Using longitudinal income data, EMP researchers find the United States to be a more class stratified society than commonly believed. Despite the popularity of “rags to riches” notions, the EMP finds that, on average, children born into the poorest fifth of households have only a 6 percent chance of making it to the top income quintile. Conversely, 42 percent will remain in the poorest group. More than six in ten of these impoverished children never become even middleclass.
Similar mobility barriers exist at the top. While 39 percent of children born into the richest income quintile will remain there, only 9 percent will fall to the bottom. EMP finds remnants of mobility remains in the middleclass, although even these children are more likely to fall into poverty than they are to rise to wealth.
The project’s findings are particularly disturbing in the areas of gender and race. Women, already suffering multifaceted disparity with men, are also less mobile than their male counterparts. Compared to these, it is considerably harder for women born into poor families to become wealthy. Similarly, it is also easier for wealthy women to become poor.
The racial contrast is even starker. Black children are half as likely as their white counterparts to move from extreme poverty to extreme wealth. Simultaneously, black children born into the bottom income bracket are almost twice as likely as white children to remain there. Incredibly, EMP finds that nearly three in four middleclass black children will fall into poverty—a condition tremendously difficult for them to escape.
As such findings suggest, the American Dream is not as dynamic as many believe it to be. In fact, U.S. mobility levels are actually lower than those of many developed countries. As the EMP reports, the two major international comparisons to date have placed U.S. mobility levels either last or second-to-last among nations analyzed (which have included mostly Western Europe and Scandinavia). As EMP’s authors put, “the view that America is ‘the land of opportunity’ doesn’t entirely square with the facts.”
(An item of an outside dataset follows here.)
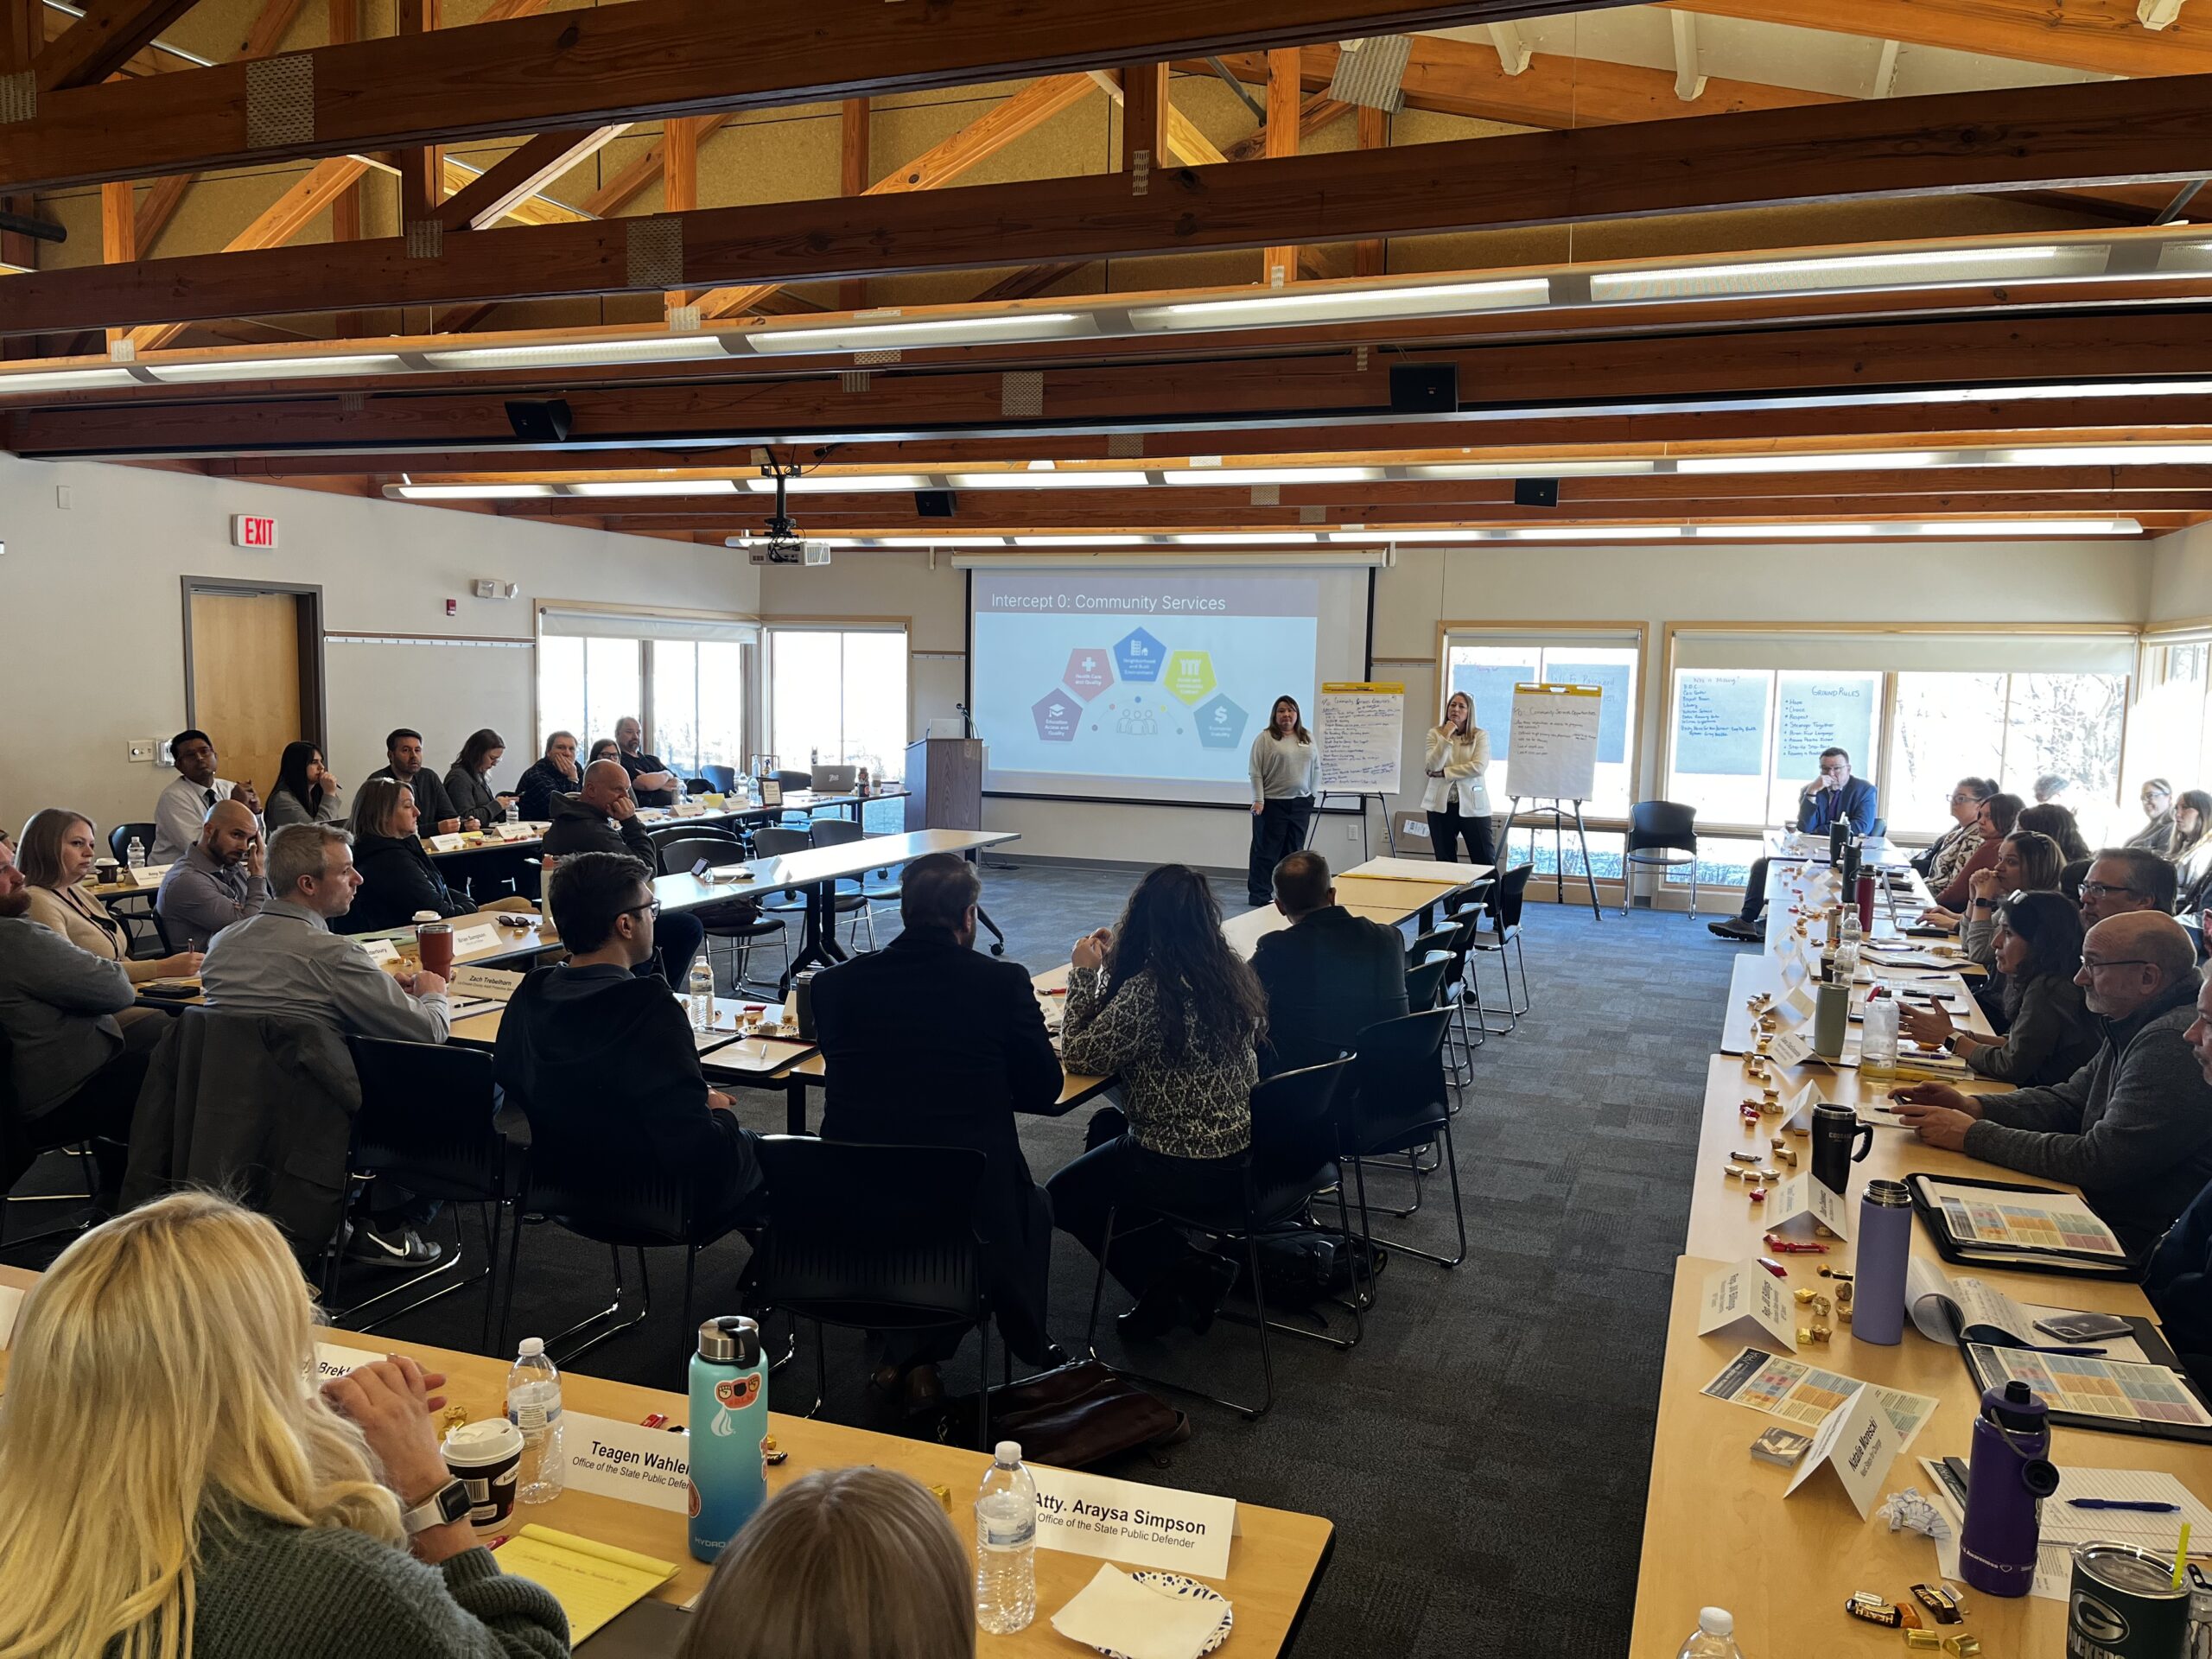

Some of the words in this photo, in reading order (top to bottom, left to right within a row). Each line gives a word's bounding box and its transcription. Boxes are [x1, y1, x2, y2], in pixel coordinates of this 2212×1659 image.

In light of the numerous economic, political, and social issues contributing to U.S. decline, the discovery of immobility is particularly troubling. As Americans become more economically and politically unequal, the stakes of socioeconomic outcomes continue to rise. That these outcomes are out of the hands of many is more than a contributor to The End of the American Century—it is an issue of fundamental fairness and a contradiction of one of America’s most cherished ideals.